Lexical entries and language dependent data in source lexicons will require additional mapping processes. Once the mapping between the two models is defined, rewriting the original entries is not difficult and conversion rules can be easily applied. The biggest problem here is the difficulty to get relevant PAROLE data. Whether the data are in XML files or in a data base, the fact is that gathering data for a particular lexical entry is quite a complex task. In PAROLE, a lexical entry is split into different elements across different layers which makes this task rather complex. Our strategy was to follow PAROLE layered structure; thus, for each layer we generated the relevant triples. Using source IDs (and IDREFs) to create the target URIs allows for such a strategy and guarantees consistency of data. The migration of subcategorization frames deserves special attention: in the PAROLE model, syntactic frames are defined locally in each language lexicon. This means that the conversion to the lemon model needs to be addressed for each particular lexicon and its difficulty depends on the nature of the source data.11 ¹¹

Notice that PAROLE model allowed for both coarse-grained and fine-grained descriptions.

In any case, for each input frame we need to find the corresponding LexInfo frame. Whenever this matching is not possible we need to place the input frame in the LexInfo ontology.12 ¹²

Our lexicons include lots of pronominal and sentential frames (used to distinguish between indicative and subjunctive complements) that were not listed in the LexInfo ontology.

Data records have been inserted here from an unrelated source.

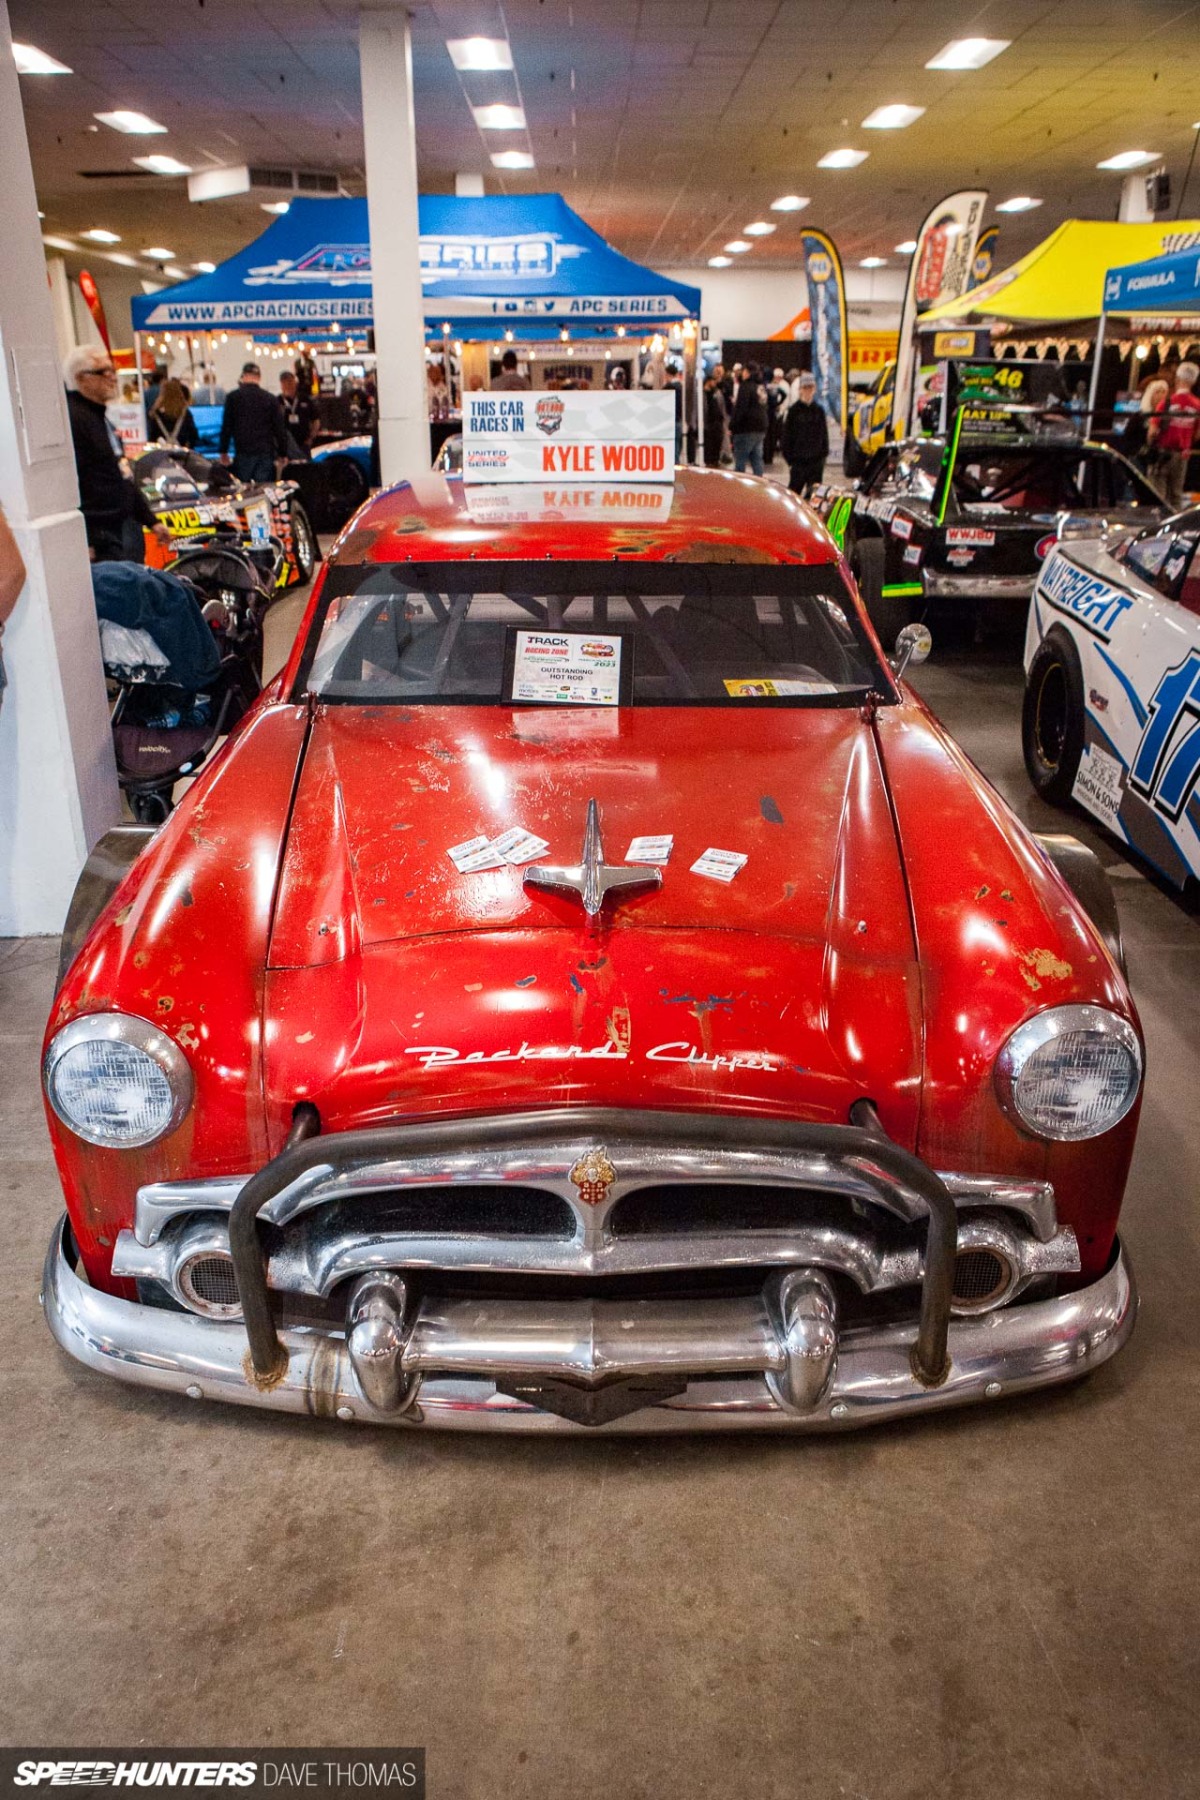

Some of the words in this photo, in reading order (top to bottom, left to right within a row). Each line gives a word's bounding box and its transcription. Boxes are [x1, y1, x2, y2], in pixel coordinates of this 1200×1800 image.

[570, 300, 603, 313] APC
[608, 299, 668, 313] SERIES
[471, 401, 497, 416] THIS
[500, 401, 525, 416] CAR
[470, 417, 508, 433] RACES
[512, 417, 525, 432] IN
[542, 445, 595, 472] KYLE
[602, 445, 665, 472] WOOD
[155, 505, 200, 531] TWO
[527, 636, 569, 647] TRACK
[541, 667, 593, 676] OUTSTANDING
[1077, 771, 1097, 795] SIMON
[1096, 787, 1102, 800] &
[1101, 791, 1120, 815] SONS
[404, 1041, 627, 1069] Packard
[646, 1041, 778, 1072] Clipper
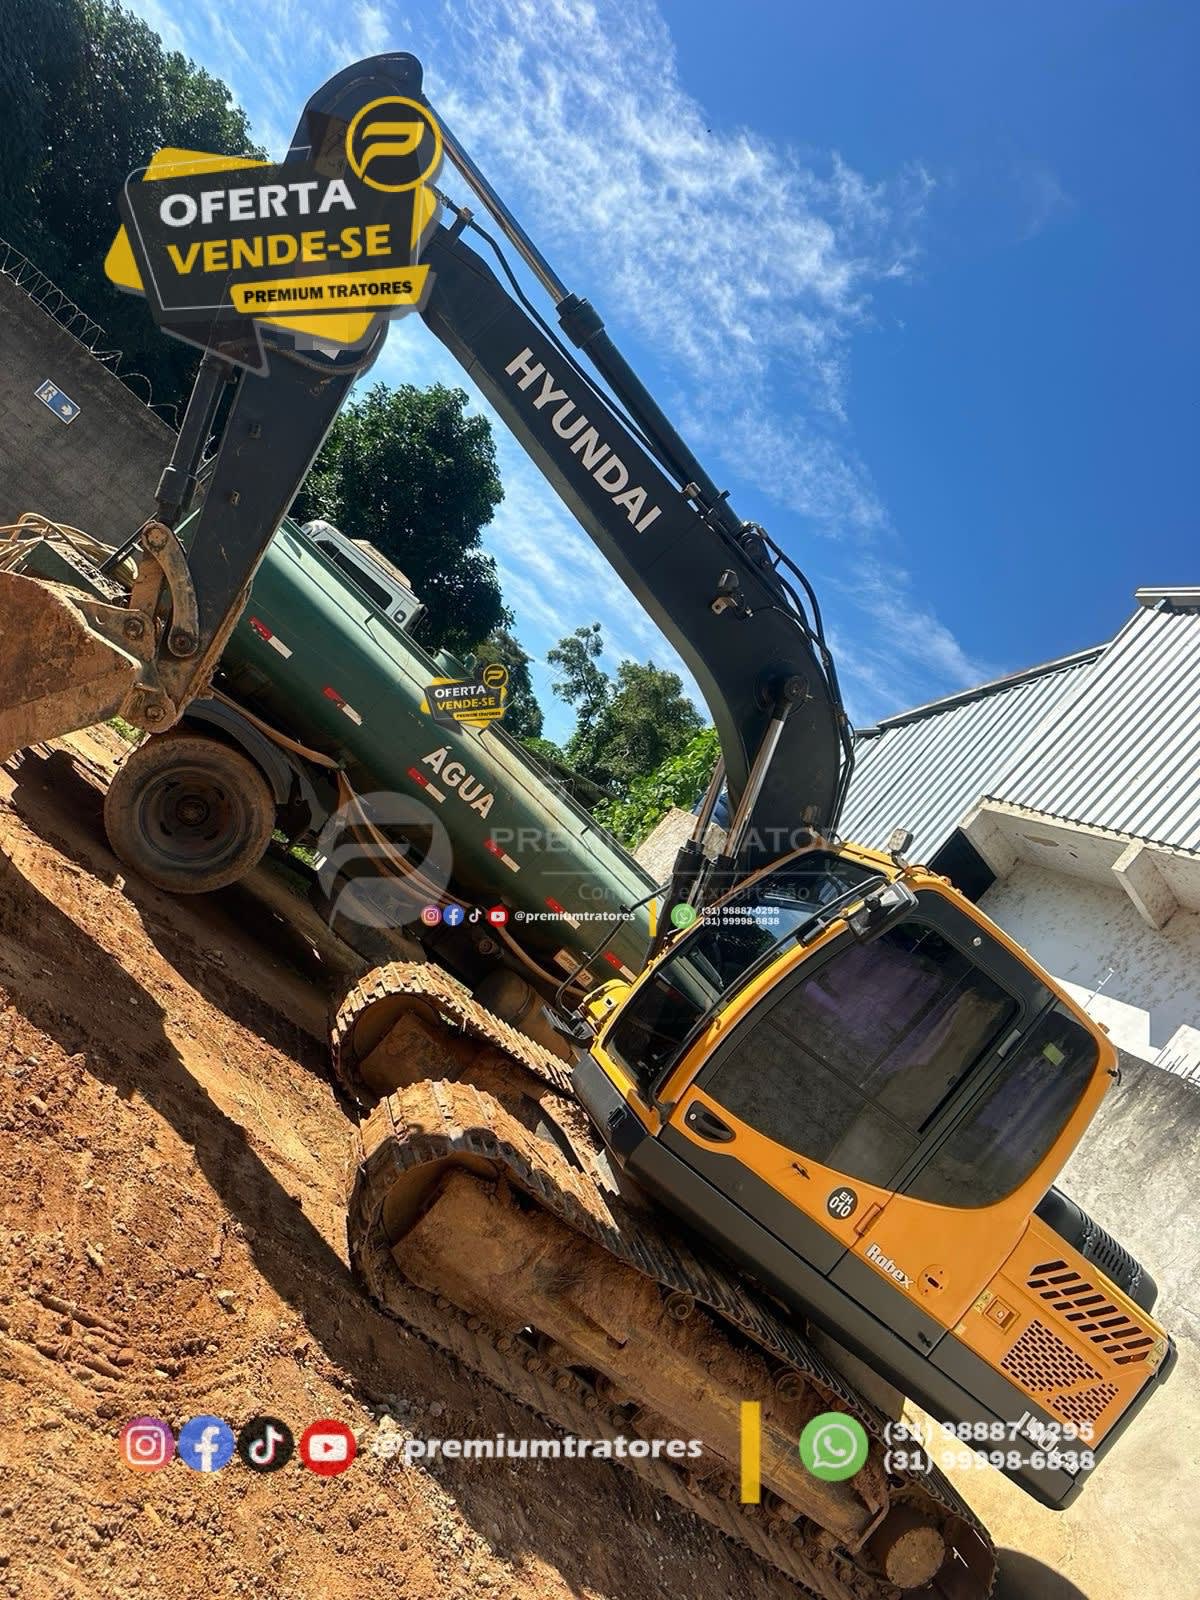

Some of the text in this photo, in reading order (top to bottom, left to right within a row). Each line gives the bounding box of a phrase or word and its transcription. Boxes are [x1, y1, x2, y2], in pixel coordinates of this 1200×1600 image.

[504, 347, 662, 534] HYUNDAI
[421, 746, 495, 819] ÁGUA
[829, 1196, 851, 1217] 010
[839, 1191, 854, 1205] EH
[866, 1243, 914, 1289] Robex

In our case, moving to LexInfo frames allowed us to improve certain aspects such as bounded prepositions and, more important, to get a better organization of the frame system which is eventually organized as an ontology.13 ¹³

Note for instance that getting all transitive verbs in the original PAROLE lexicons meant searching for each and every transitive frame.

In any case, conversion tasks can benefit from already defined conversion templates which can be reused when mapping lexical entries from different languages and sources. Figure 4 shows part of the XSL template used to map PAROLE features to LexInfo ontology.

3 Some benefits: Syntax/semantic linking

The Lemon model simplifies the original PAROLE/SIMPLE model in a good number of aspects. This is partly due to the use of RDF which allows for a more compact and efficient representation. The case of syntax/semantic mappings is particularly interesting. The original PAROLE/SIMPLE data include a complex machinery to define syntactic subcategorization frames and semantic argument structures. In the former case, we have to deal with a large set of related elements: SynU, Description, Construction, Self , InstantiatedPositionC, PositionC, SyntagmaNT, etc. The relation among these elements is established by means of the parent/child relation mechanism or ID/IDREF pointing mechanism as exemplified in Fig. 5.

Fig. 4.

Mapping features.

Fig. 5.

Subcategorization information.

Similarly, argument structure representation is also complex and, again, we find a good number of elements involved: PredicativeRepresentation, Predicate, Argument, InfArg, SemanticRole, etc.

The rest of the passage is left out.